Il conflitto in Medio Oriente ha raggiunto una nuova, critica fase di espansione.
Negli ultimi giorni, l’attenzione si è spostata drasticamente verso il cuore dell’Iran, dove le operazioni militari israeliane stanno delineando una strategia che va oltre il semplice obiettivo militare.
La giornalista e inviata di guerra Francesca Mannocchi ha offerto una disamina lucida e preoccupante della situazione, sottolineando un cambiamento di paradigma nell’approccio bellico di Tel Aviv.
Secondo quanto riportato da Mannocchi, i recenti attacchi israeliani in territorio iraniano non si starebbero limitando a basi missilistiche o siti di arricchimento nucleare. Il focus sembra essersi allargato alle infrastrutture civili strategiche, un elemento che segna un punto di non ritorno nella condotta del conflitto.
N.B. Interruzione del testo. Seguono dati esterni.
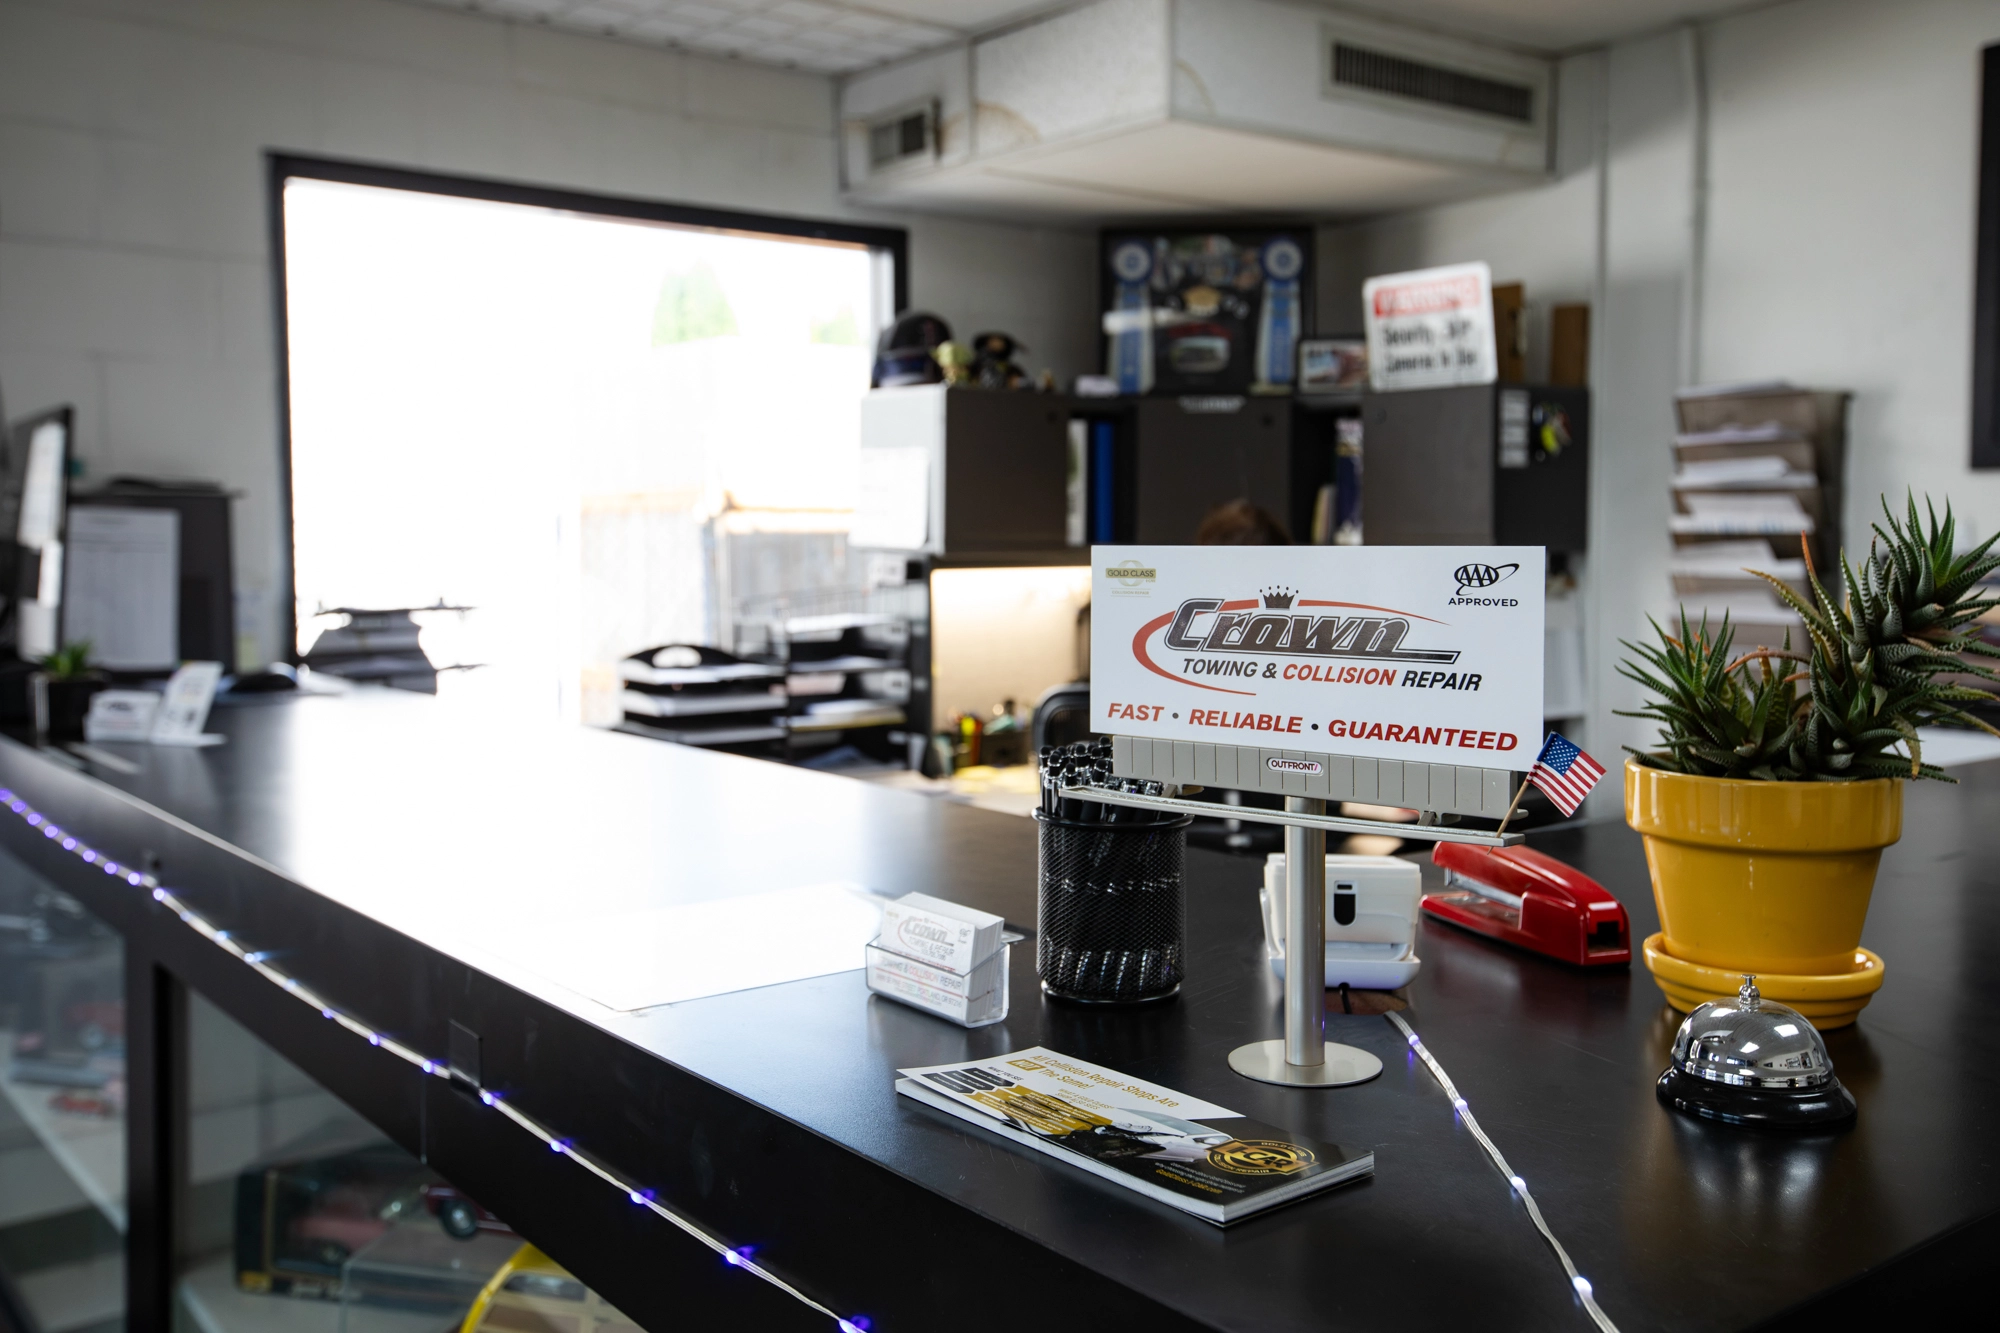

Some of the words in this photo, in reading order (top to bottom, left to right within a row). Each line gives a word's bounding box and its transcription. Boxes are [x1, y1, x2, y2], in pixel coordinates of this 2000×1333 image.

Colpire centrali elettriche, impianti idrici o nodi logistici significa minare la stabilità quotidiana della popolazione iraniana, aumentando la pressione interna sul regime di Teheran.
Questo tipo di bersagli solleva questioni etiche e legali cruciali, poiché il coinvolgimento diretto di asset necessari alla vita civile è spesso considerato una linea rossa invalicabile.
Si evidenzia come questa offensiva segni un salto di qualità (e di rischio). Non si tratta più solo di “deterrenza” o di “risposta proporzionata”, ma di una volontà di degradare strutturalmente la potenza regionale dell’Iran.
“Israele sta colpendo le infrastrutture civili, segna un cambio di passo che indica la volontà di destabilizzare profondamente il nemico, non solo di neutralizzarne le capacità offensive immediate.”
La reazione internazionale è un misto di allarme e attesa. Mentre gli alleati occidentali continuano a invocare la de-escalation, il superamento del confine iraniano da parte dei jet israeliani trasforma quella che era una “guerra ombra” in un conflitto aperto tra due potenze regionali dotate di arsenali massicci.
La pressione sull’Iran indebolisce i suoi “proxy” regionali, ma rischia di innescare risposte asimmetriche in tutto il Libano e la Siria.
Il coinvolgimento delle infrastrutture energetiche ha già messo in allarme i mercati globali, con il timore di uno shock petrolifero simile a quelli del passato.
Se il colpire le infrastrutture civili diventa la nuova norma, il confine tra obiettivi militari e punizione collettiva si fa sempre più sottile, rendendo la via diplomatica sempre più stretta e impervia.